Despite high depression rates among people with HIV (PWH), there are uneven mental health screening and referral systems across the Ryan White Medical Case Management (RWMCM) system, which serves >50% of PWH. We conducted a Hybrid type II stepped wedge cluster randomized controlled trial testing the system-wide implementation of a behavioral health screener and referral to ORCHID, an online, evidence-based positive affect intervention in the Chicago RWMCM system.
Methods
As part of the hybrid type II trial, we conducted a multi-method implementation evaluation of the screener and referral process in each wedge of the trial. Quality improvement data informed an interview protocol for Medical Case Managers (MCMs) and supervisors. Interview questions, based on the Consolidated Framework for Implementation Research (CFIR), explored implementation determinants in the inner and outer settings, at the innovation and process levels, and individual characteristics of implementers. We conducted semi-structured interviews with 23 MCMs and supervisors (58% of those invited to participate) from 9 clinics (88% of clinics) in Wedges 1 and 2. Interviews were audio recorded and transcribed. Teams of independent coders analyzed the transcripts using Rapid Qualitative Analysis to identify relevant determinants and to adapt or add implementation strategies for the final Wedge of the trial.
Results
Across wedges, 46% of eligible clients were screened. Of these, 20% had PHQ-9 scores >5, making them eligible for ORCHID, and 6% of those eligible were referred. Qualitative findings indicated that many MCMs and supervisors found it difficult to integrate the screener into their workflows. Integration facilitators included adapting workflows to align the screener with required assessments and the introduction of self-administered and Spanish versions of the screener. However, we also find that many MCMs invoked selective heuristics about which clients needed screening and referral in light of the perceived relative priority, compatibility, and advantage of the behavioral health screening and ORCHID for clients with elevated depression. For example, many MCMs reported not offering ORCHID referrals to older clients with elevated depression scores due to perceived low compatibility or to clients who they perceived would benefit more from psychotherapy. In Wedge 1, many MCMs reported an inaccurate understanding of ORCHID. Despite strengthening of training between wedges, Wedge 2 MCMs
and supervisors reported low buy-in on the compatibility of ORCHID for meeting their client’s behavioral health needs. MCMs continued to identify low acuity, younger, and tech savvy clients as those most appropriate for ORCHID, whereas they were less likely to refer clients who did not meet those criteria.

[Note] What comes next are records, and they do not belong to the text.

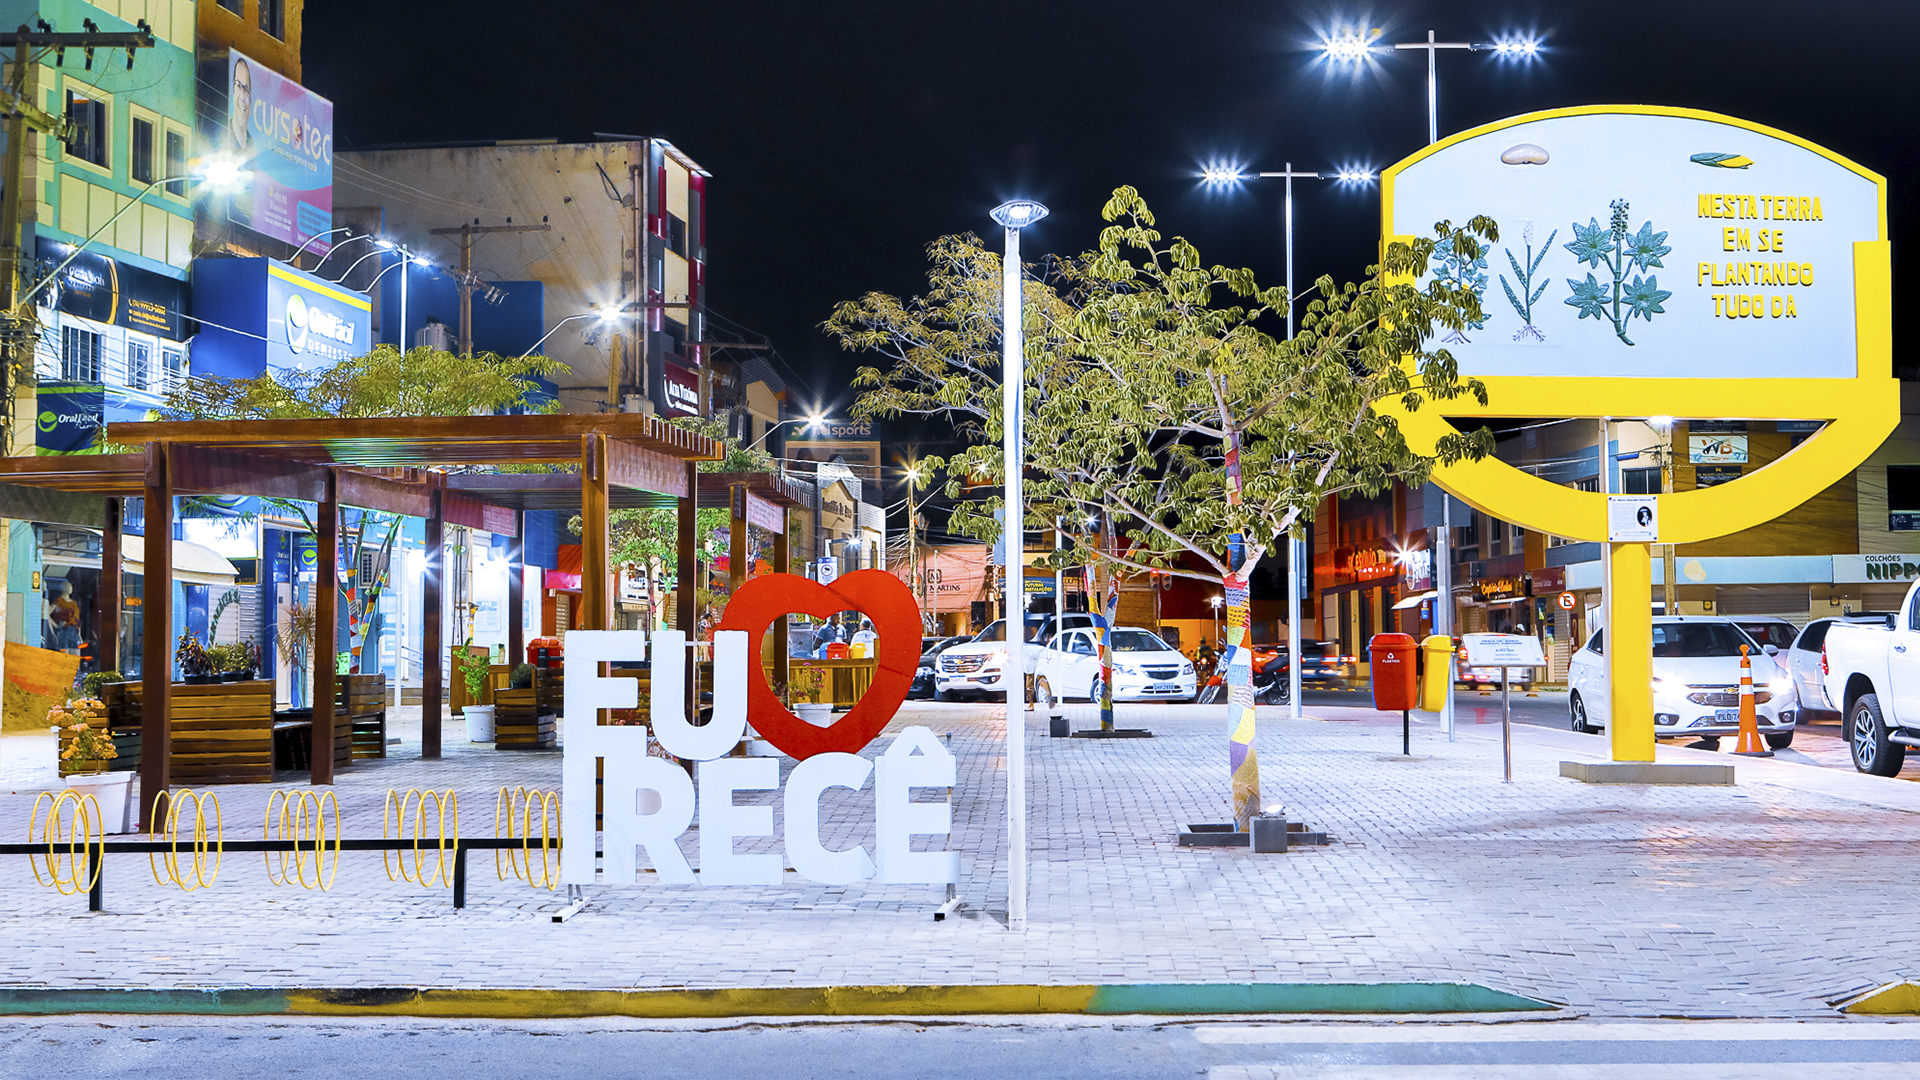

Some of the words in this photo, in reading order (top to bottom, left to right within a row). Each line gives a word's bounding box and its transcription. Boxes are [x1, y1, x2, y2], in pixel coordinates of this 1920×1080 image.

[1698, 194, 1758, 220] NESTA
[1760, 195, 1823, 221] TERRA
[1723, 227, 1751, 252] EM
[1758, 228, 1784, 253] SE
[1698, 262, 1814, 286] PLANTANDO
[1712, 294, 1764, 319] TUDO
[1771, 294, 1797, 318] DA
[1866, 562, 1920, 580] NIPP
[563, 630, 749, 762] EU
[563, 726, 961, 886] IRECÊ
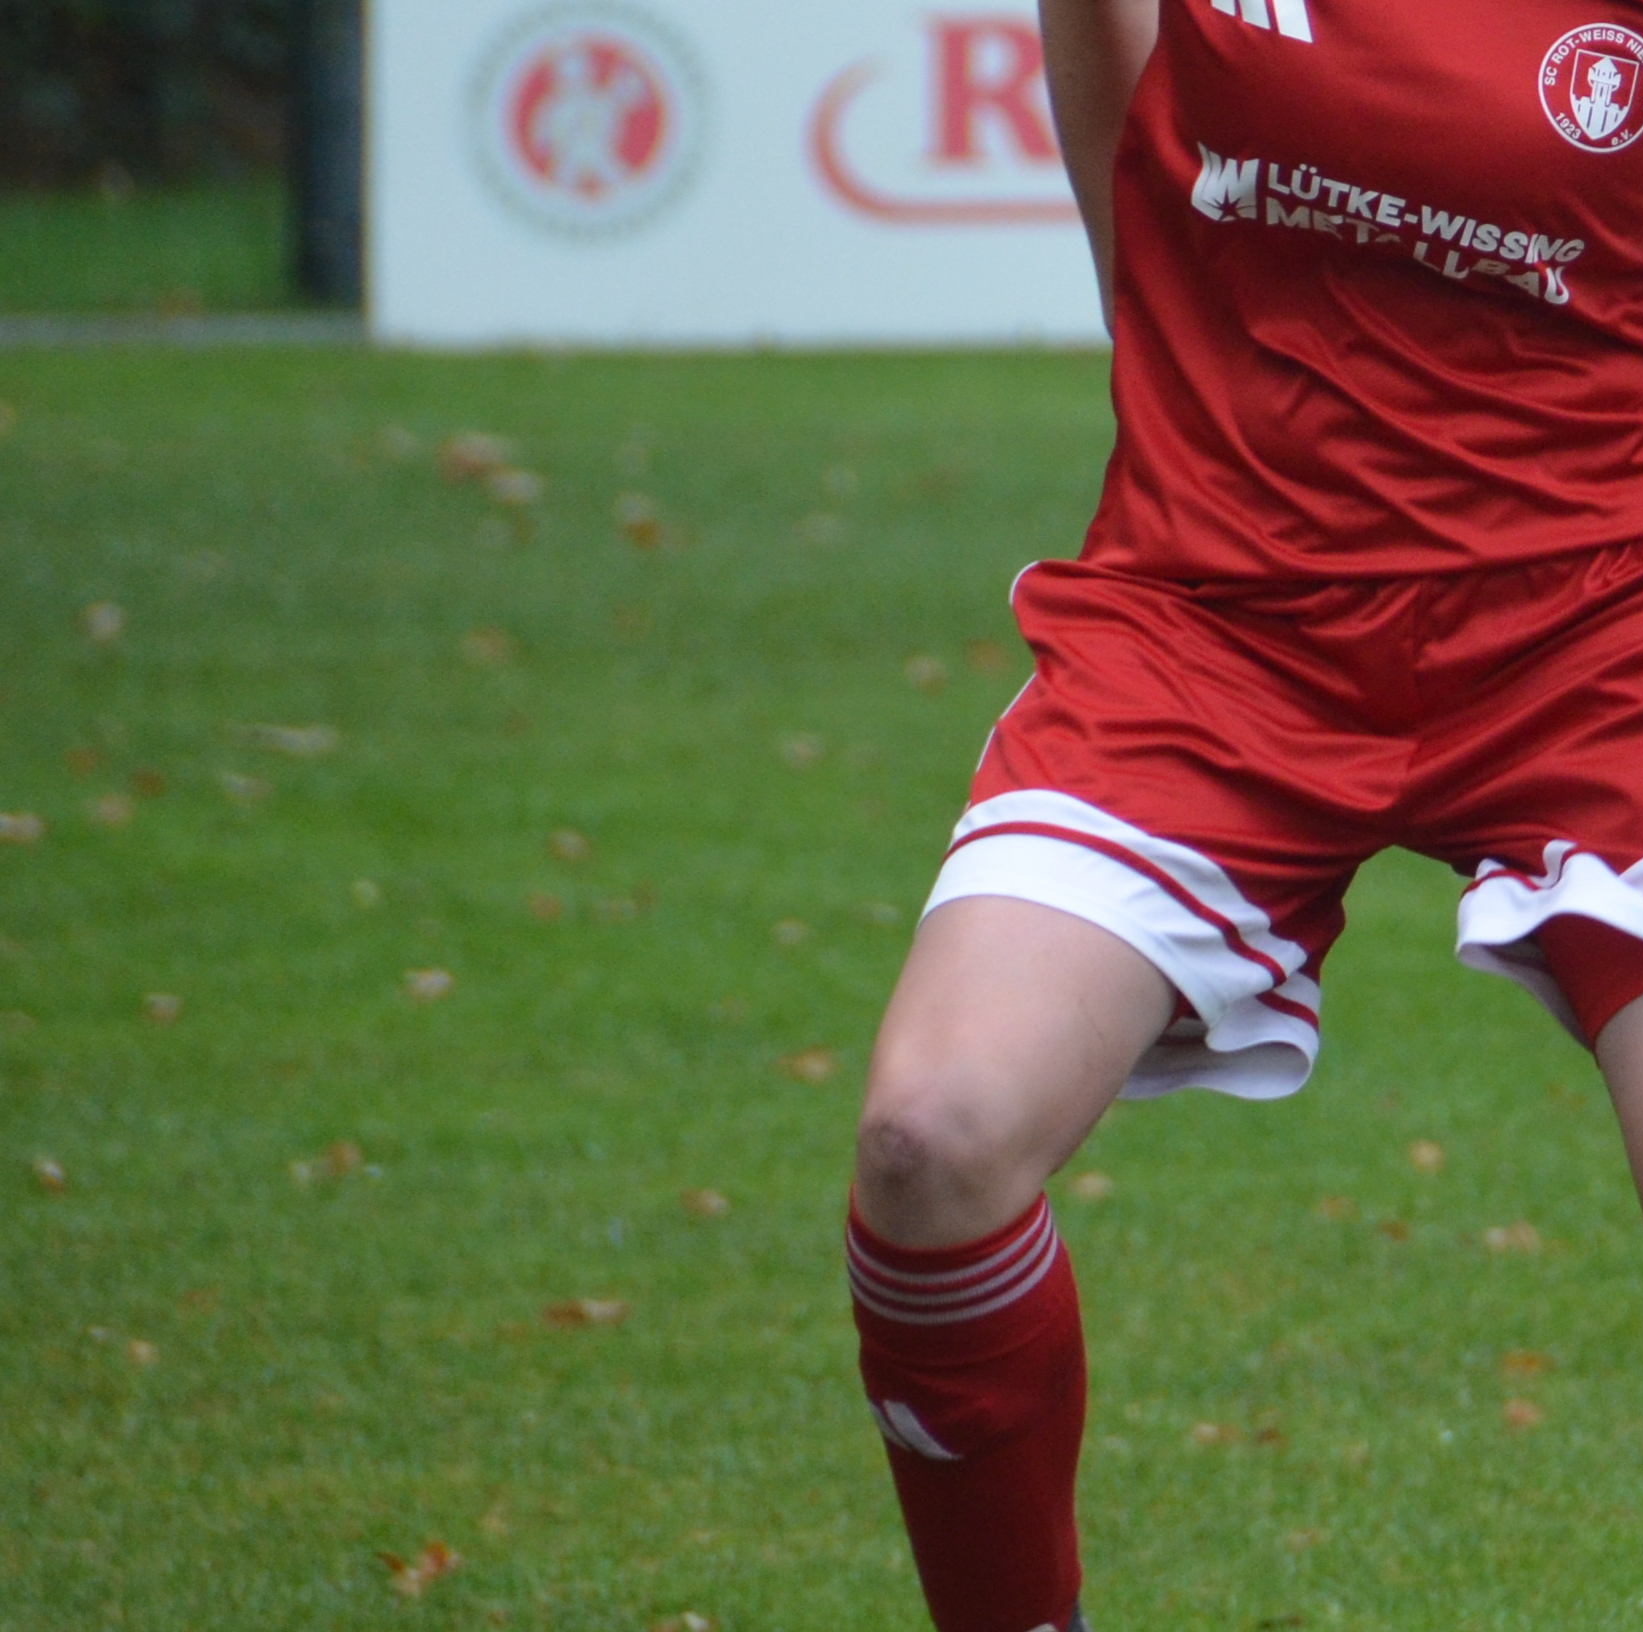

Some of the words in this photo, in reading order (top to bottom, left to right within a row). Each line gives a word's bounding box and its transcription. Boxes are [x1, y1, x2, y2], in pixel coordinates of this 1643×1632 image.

Conclusions Findings highlight challenges with implementing a universal screener and referral process to an online positive affect intervention in a large, multi-site system that relies on the discretionary authority and skills of direct service workers. In the absence of an implementation strategy that mandates screening and referral, RWMCM staff invoke selective heuristics and gatekeeping. Ground-up approaches to implementation, including providing resources and training that leverage the discretion
of direct service workers, are necessary for the long-term systemic change needed to facilitate equitable mental health screening and access among PWH.